La ministre de l'emploi et de la solidarité, Elisabeth Guigou, a présenté, mercredi, le projet de loi créant l'allocation personnalisée d'autonomie. Cette prestation, très attendue, sera généralisée, son accès ne sera plus soumis à conditions de ressources, et son montant revalorisé. 

JUSTE À TEMPS ! A quelques jours du premier tour des élections municipales, mais surtout cantonales, le gouvernement affiche son projet de loi relatif à la création de l'allocation personnalisée d'autonomie (APA) qui concerne, en priorité, les départements. Certes, cette nouvelle prestation, destinée à se substituer à la prestation spécifique dépendance (PSD), ne deviendra effective qu'au 1er janvier 2002, après son examen par le Parlement prévu, en théorie, ce printemps. Mais au moins sa présentation au conseil des ministres, mercredi 7 mars, permet-elle d'annoncer une nouvelle réforme d'ampleur en matière sociale.

Pour Lionel Jospin, qui prend soin, à chacun de ses déplacements de soutien aux candidats de la gauche, de mettre en avant la baisse du chômage, la croissance, "la confiance retrouvée" des Français – tous phénomènes attribués en grande partie aux effets de "sa" politique –, il est en effet important de montrer qu'il reste à son gouvernement beaucoup de choses à faire… Aujourd'hui, c'est la prestation autonomie, affichée comme une priorité dans le programme de "l'année utile", demain viendront la pérennisation des emplois-jeunes, la relance du plan de lutte contre les exclusions ou le projet de loi sur les droits des malades. Bref, comme le résume le ministre délégué à la santé, Bernard Kouchner, "le projet de l'APA est judicieux et sa place dans l'agenda n'est pas idiote". 

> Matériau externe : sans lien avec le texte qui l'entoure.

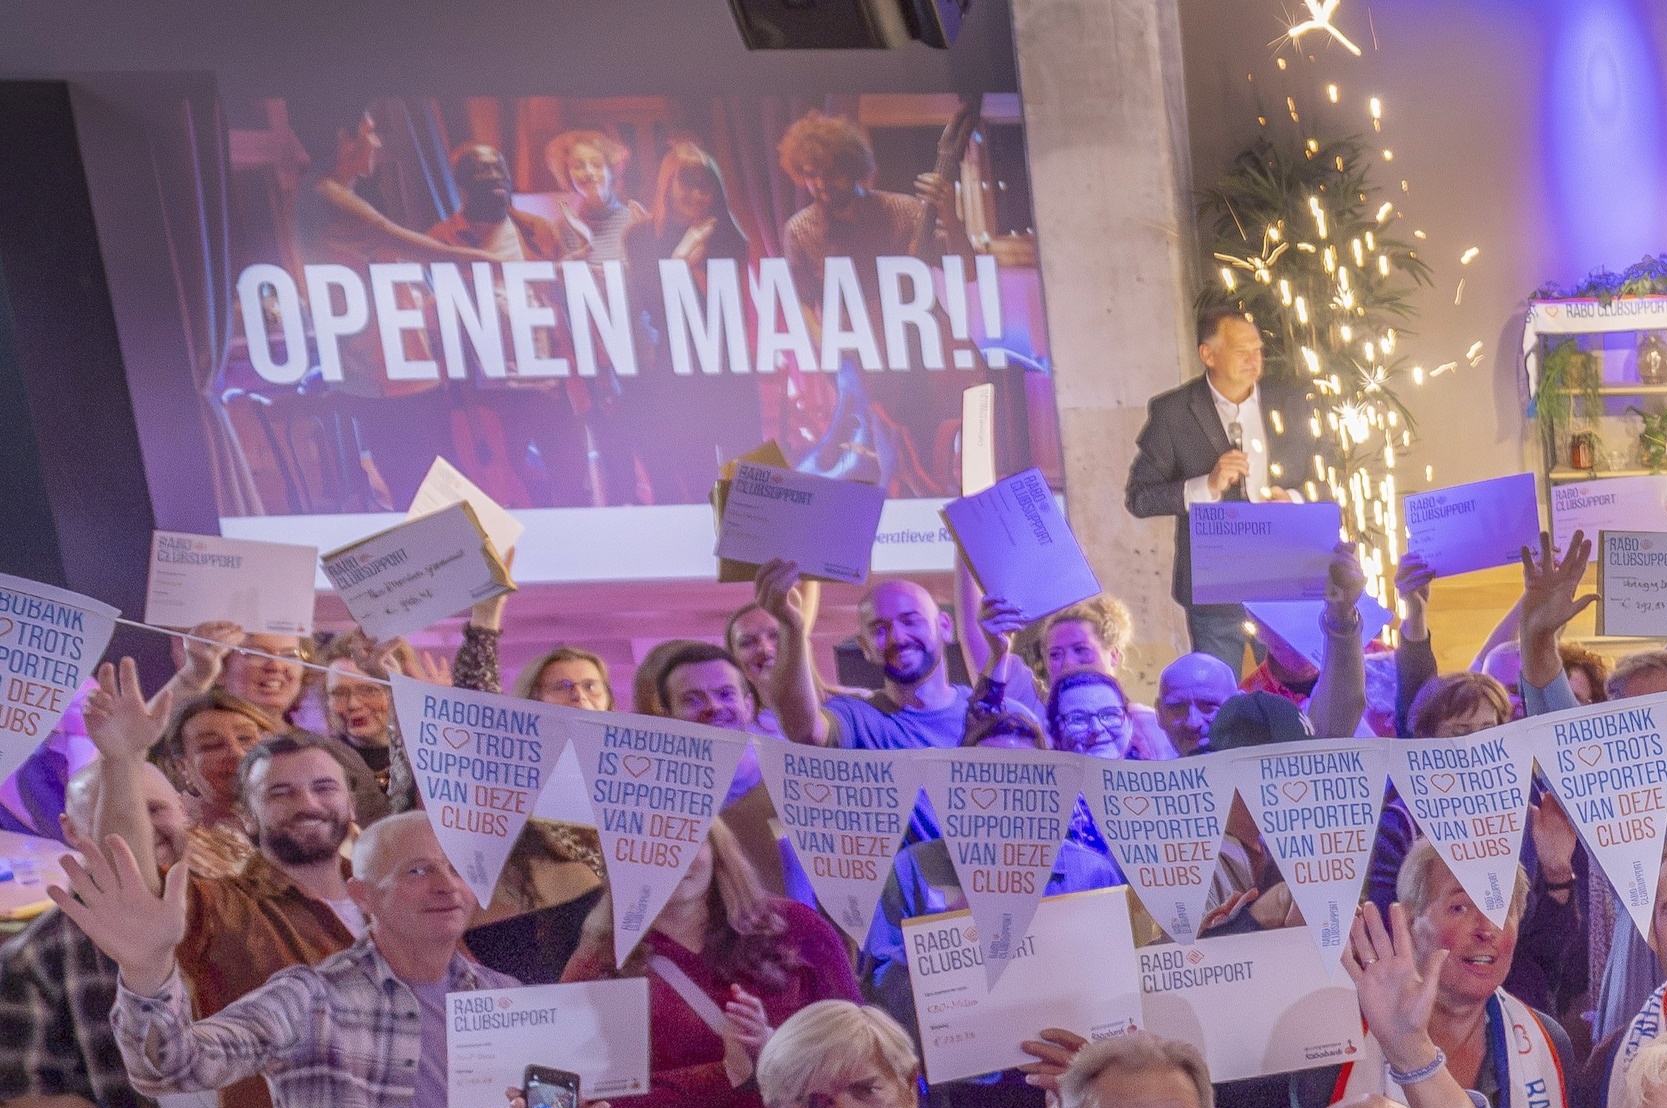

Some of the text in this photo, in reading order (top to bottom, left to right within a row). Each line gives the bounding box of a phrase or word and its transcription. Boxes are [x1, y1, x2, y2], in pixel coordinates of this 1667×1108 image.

[236, 255, 1007, 384] OPENEN MAAR!!
[1566, 303, 1595, 318] RABO
[1195, 521, 1273, 536] CLUBSUPPORT
[1196, 507, 1225, 521] RABO
[1609, 537, 1639, 551] RABO
[424, 695, 540, 737] RABOBANK
[1554, 708, 1656, 747] RABOBANK
[419, 721, 542, 763] IS TROTS
[1557, 734, 1664, 773] IS TROTS
[416, 748, 541, 790] SUPPORTER
[784, 753, 895, 784] RABOBANK
[1102, 766, 1210, 793] RABOBANK
[427, 776, 528, 815] VAN DEZE
[783, 779, 899, 809] IS TROTS
[1103, 792, 1216, 817] IS TROTS
[1575, 787, 1666, 824] VAN DEZE
[441, 805, 509, 838] CLUBS
[783, 805, 900, 834] SUPPORTER
[1105, 817, 1220, 842] SUPPORTER
[1596, 816, 1657, 849] CLUBS
[796, 830, 892, 859] VAN DEZE
[1119, 840, 1214, 864] VAN DEZE
[813, 856, 878, 881] CLUBS
[1138, 865, 1203, 889] CLUBS
[914, 928, 963, 955] RABO
[1140, 949, 1184, 974] RABO
[1142, 961, 1254, 994] CLUBSUPPORT
[453, 996, 494, 1015] RABO
[454, 1008, 557, 1033] CLUBSUPPORT
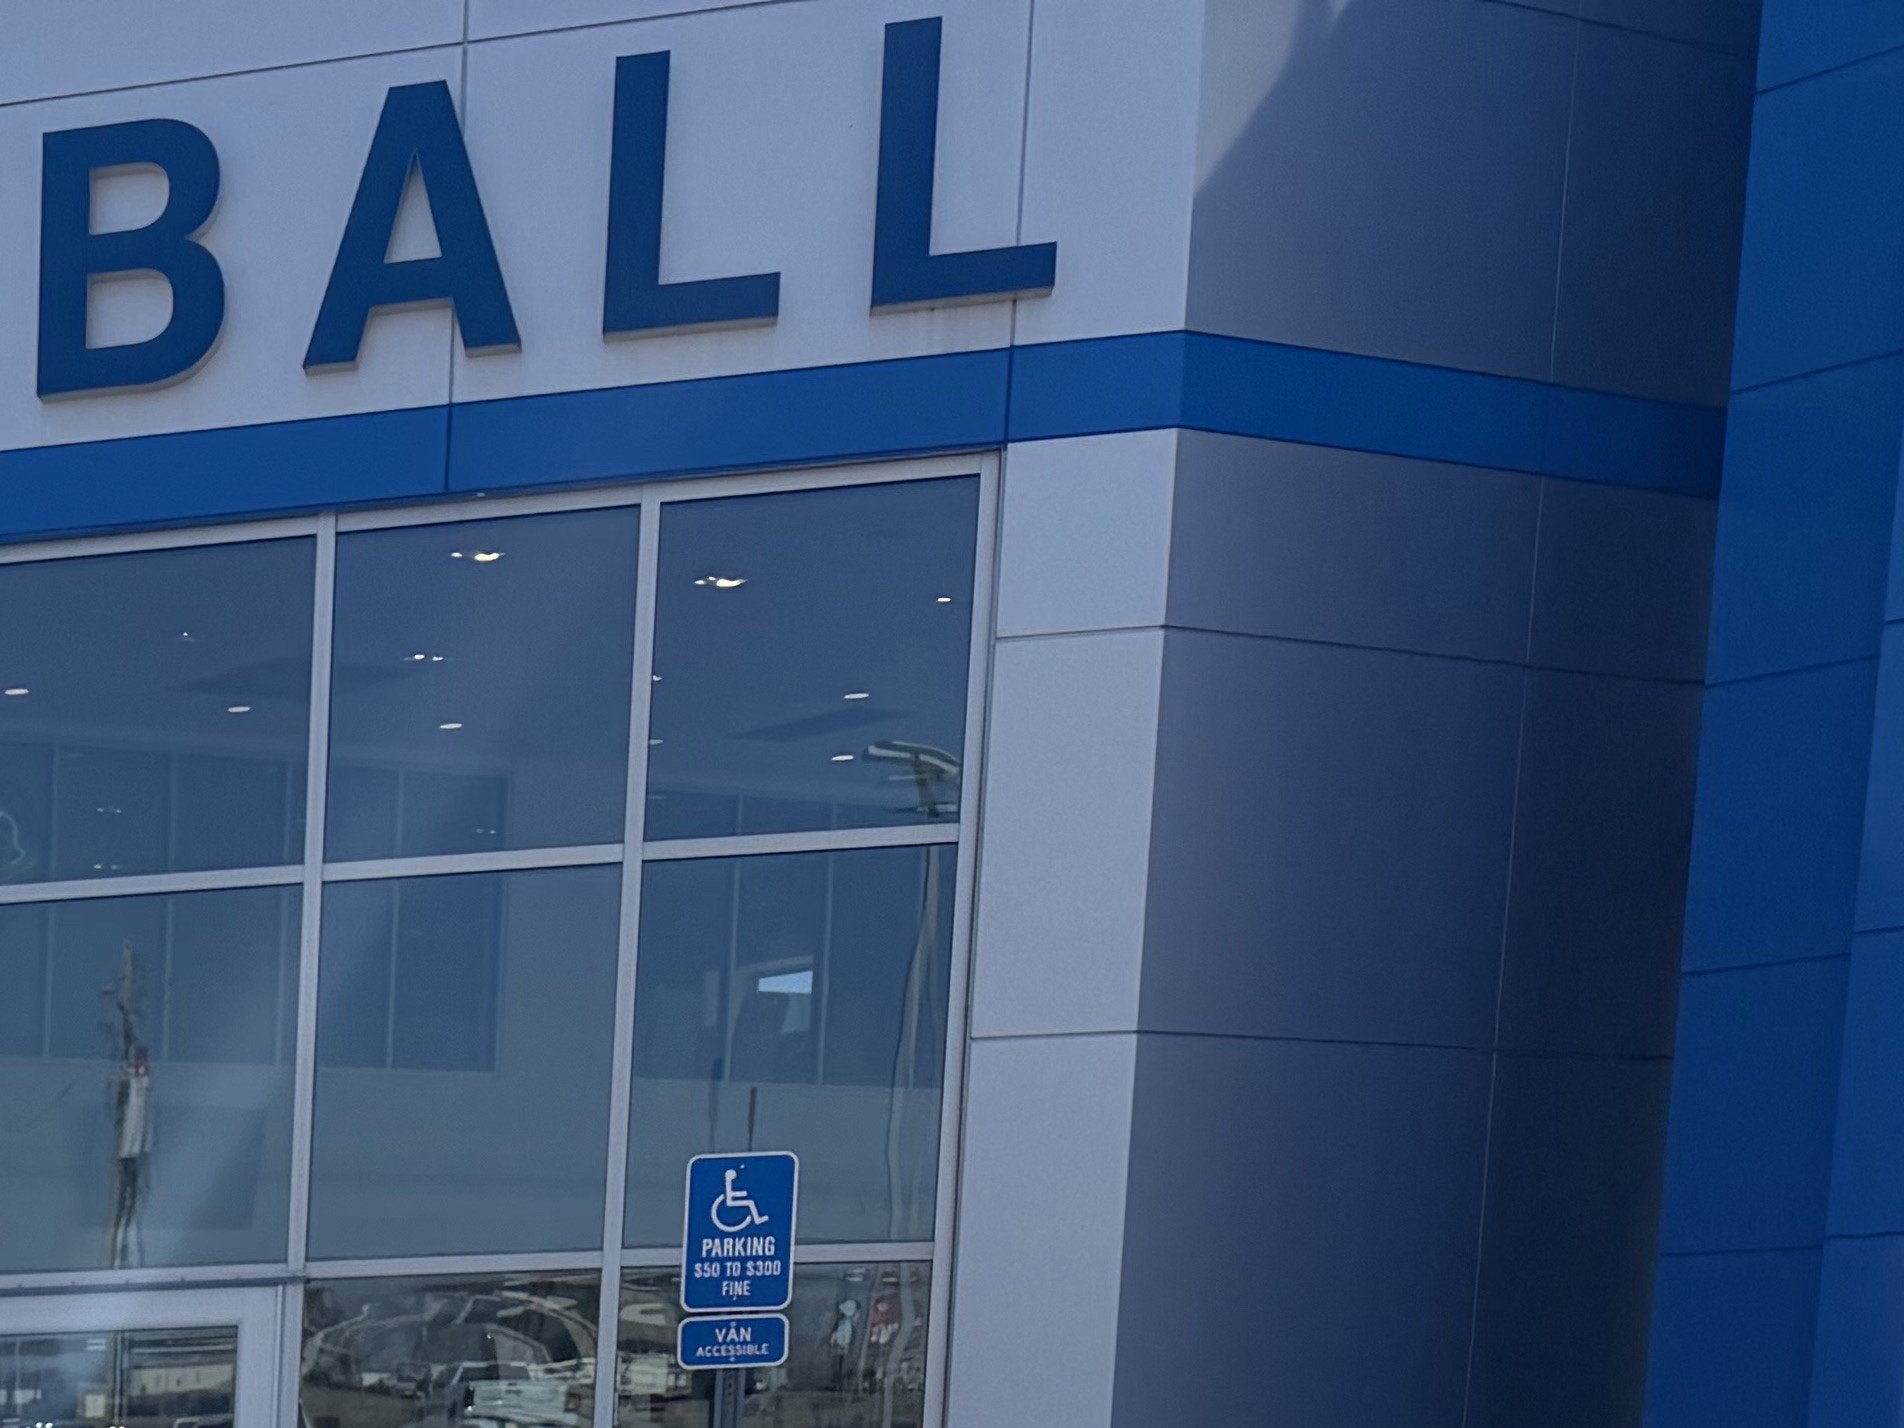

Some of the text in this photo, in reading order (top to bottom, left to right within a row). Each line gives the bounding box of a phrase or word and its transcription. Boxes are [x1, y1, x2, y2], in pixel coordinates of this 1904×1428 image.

[36, 14, 1060, 404] BALL
[702, 1236, 776, 1258] PARKING
[694, 1260, 782, 1278] $50 TO $300
[722, 1280, 751, 1296] FINE
[714, 1326, 752, 1343] VAN
[695, 1342, 770, 1358] ACCESSIBLE
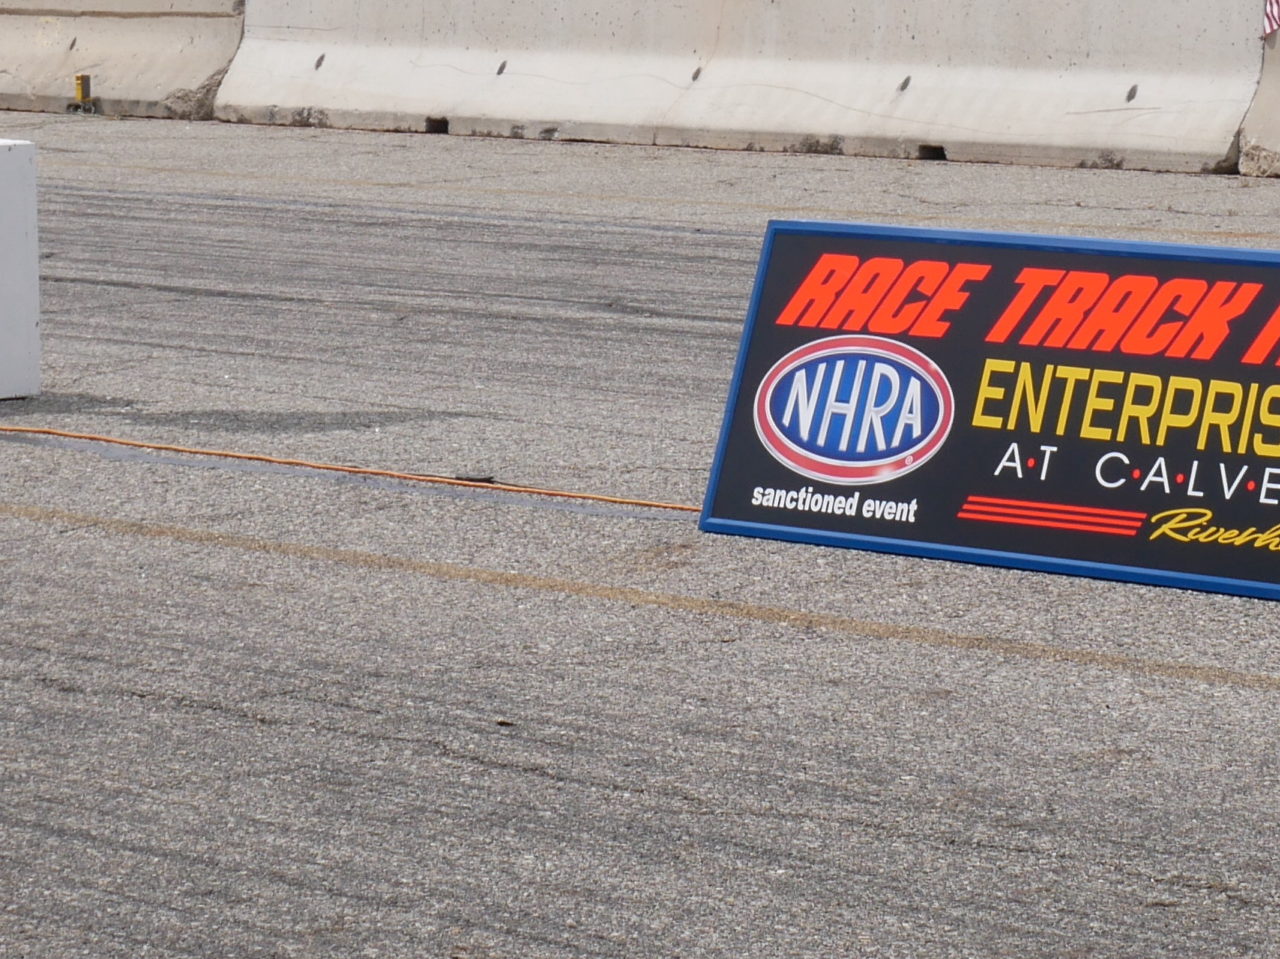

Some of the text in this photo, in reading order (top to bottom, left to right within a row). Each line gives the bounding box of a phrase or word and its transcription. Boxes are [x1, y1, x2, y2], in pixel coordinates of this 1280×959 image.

[775, 252, 992, 338] RACE
[984, 267, 1262, 361] TRACK
[782, 359, 922, 453] NHRA
[752, 487, 918, 523] sanctioned event
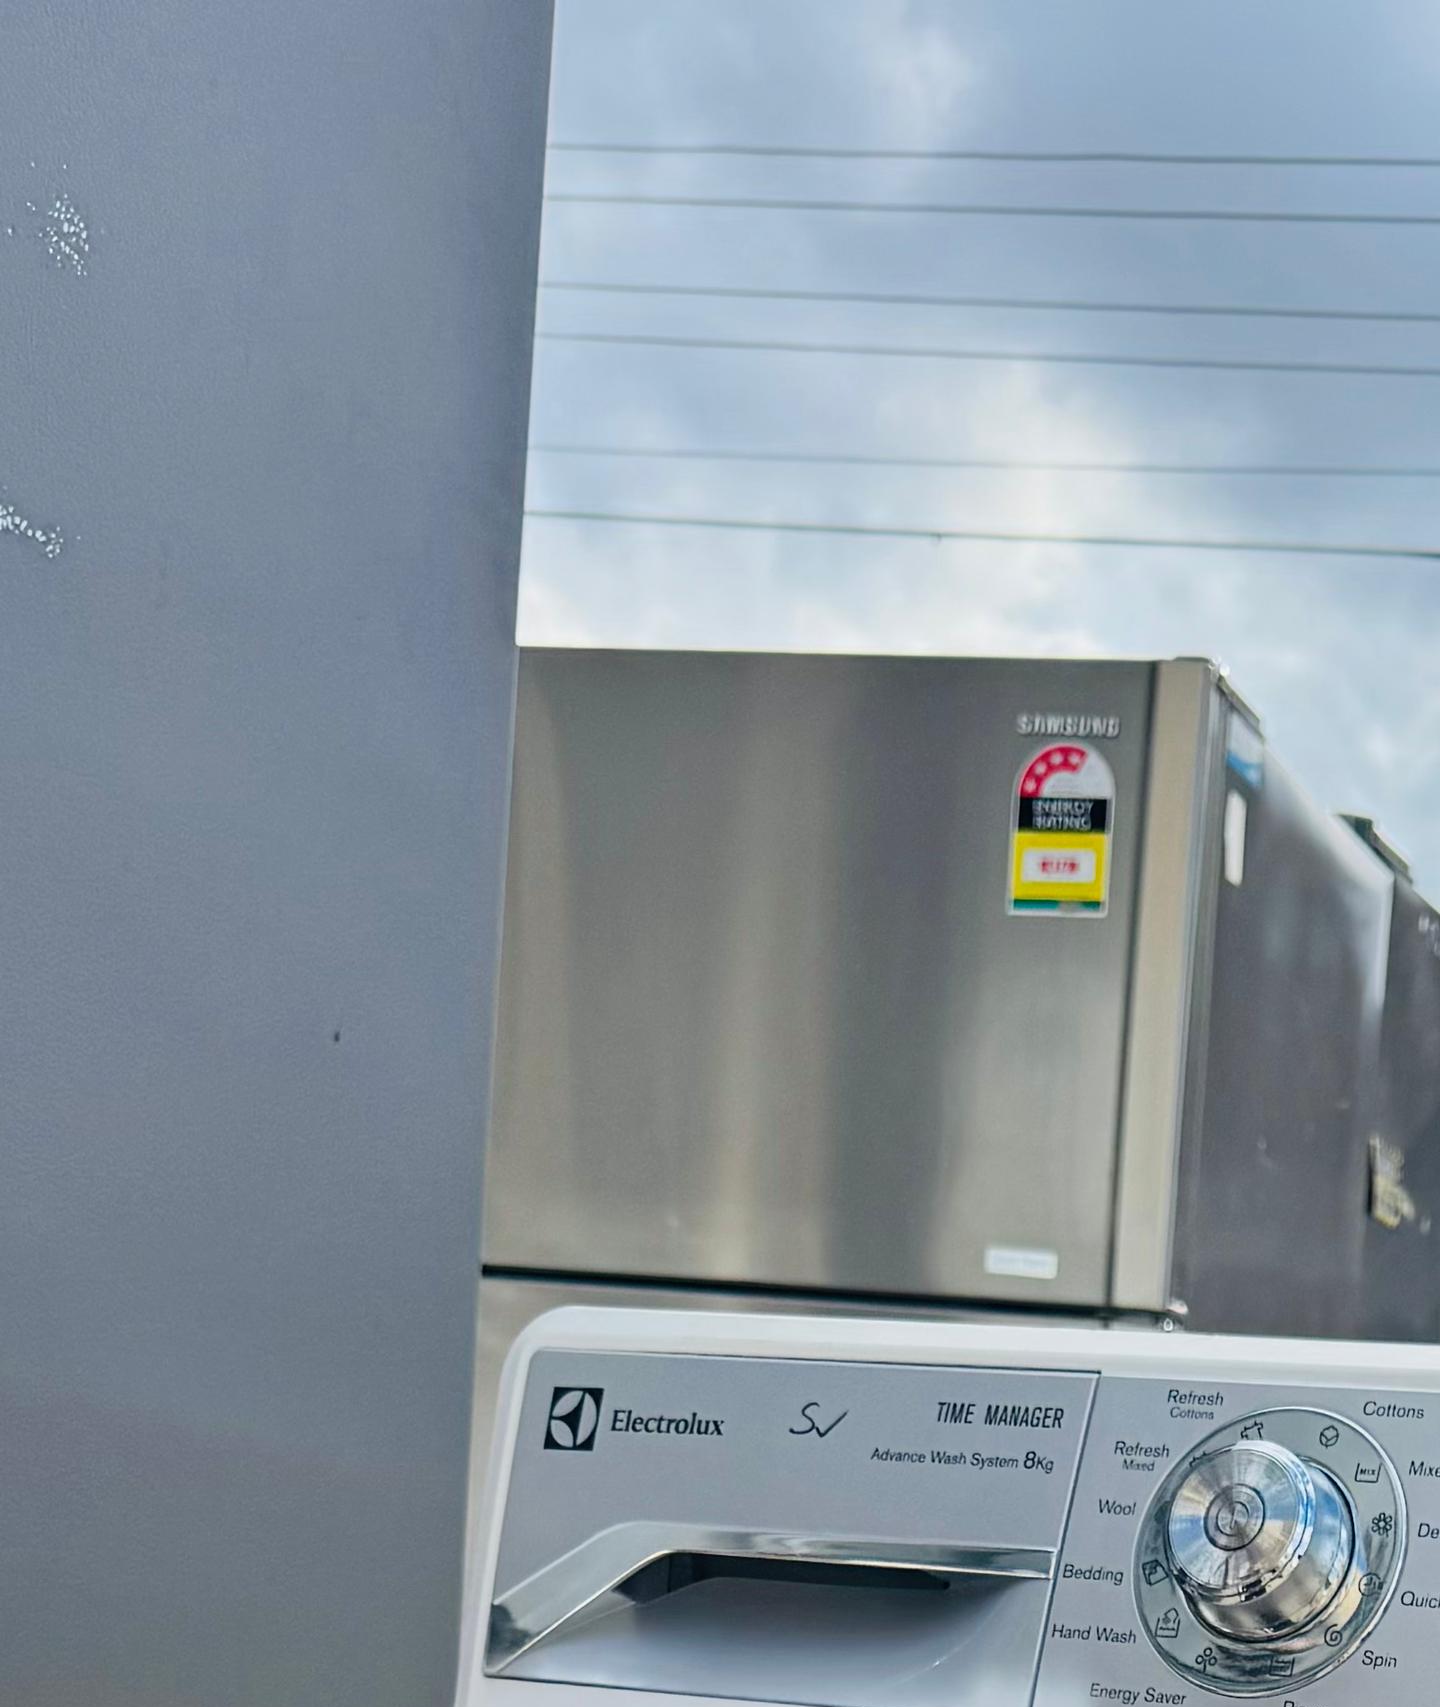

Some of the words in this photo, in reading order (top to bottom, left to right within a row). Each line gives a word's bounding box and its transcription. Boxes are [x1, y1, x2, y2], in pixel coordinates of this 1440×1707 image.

[1017, 713, 1120, 739] SAMSUNG
[1168, 1389, 1224, 1407] Refresh
[936, 1401, 976, 1427] TIME
[984, 1404, 1065, 1430] MANAGER
[1363, 1401, 1425, 1420] Cottons
[610, 1408, 725, 1439] Electrolux
[1114, 1440, 1170, 1459] Refresh
[870, 1447, 926, 1465] Advance
[930, 1450, 967, 1466] Wash
[970, 1452, 1019, 1470] System
[1022, 1449, 1054, 1474] 8Kg
[1098, 1499, 1136, 1517] Wool
[1062, 1564, 1124, 1586] Bedding
[1052, 1623, 1091, 1641] Hand
[1096, 1626, 1136, 1644] Wash
[1361, 1650, 1397, 1670] Spin
[1090, 1683, 1141, 1705] Energy
[1144, 1687, 1186, 1706] Saver

Il tombe à pic, en effet, ce projet dont le principe a été arrêté depuis bien longtemps, la PSD étant jugée unanimement, par les associations et les partenaires sociaux, trop restrictive. Mis en chantier par Martine Aubry, puis repris par Elisabeth Guigou, il met fin à la très grande disparité qui règne actuellement entre les départements. Aujourd'hui, en effet, 135 000 personnes âgées dépendantes seulement bénéficient d'une aide, à domicile ou en établissement. Avec l'APA, du fait de l'élargissement de la "cible", ce sont près de 800 000 personnes qui devraient être concernées. Mais, surtout, l'aide financière apportée, qui peut varier dans une large fourchette selon la "générosité" et les moyens des conseils généraux, sera relevée et remplacée par un barême national unique, modulé en fonction des revenus et du degré de dépendance, classé en quatre groupes (GIR I à GIR IV), selon que la personne est confinée dans un lit ou bien encore nécessite une aide pour l'habillage. 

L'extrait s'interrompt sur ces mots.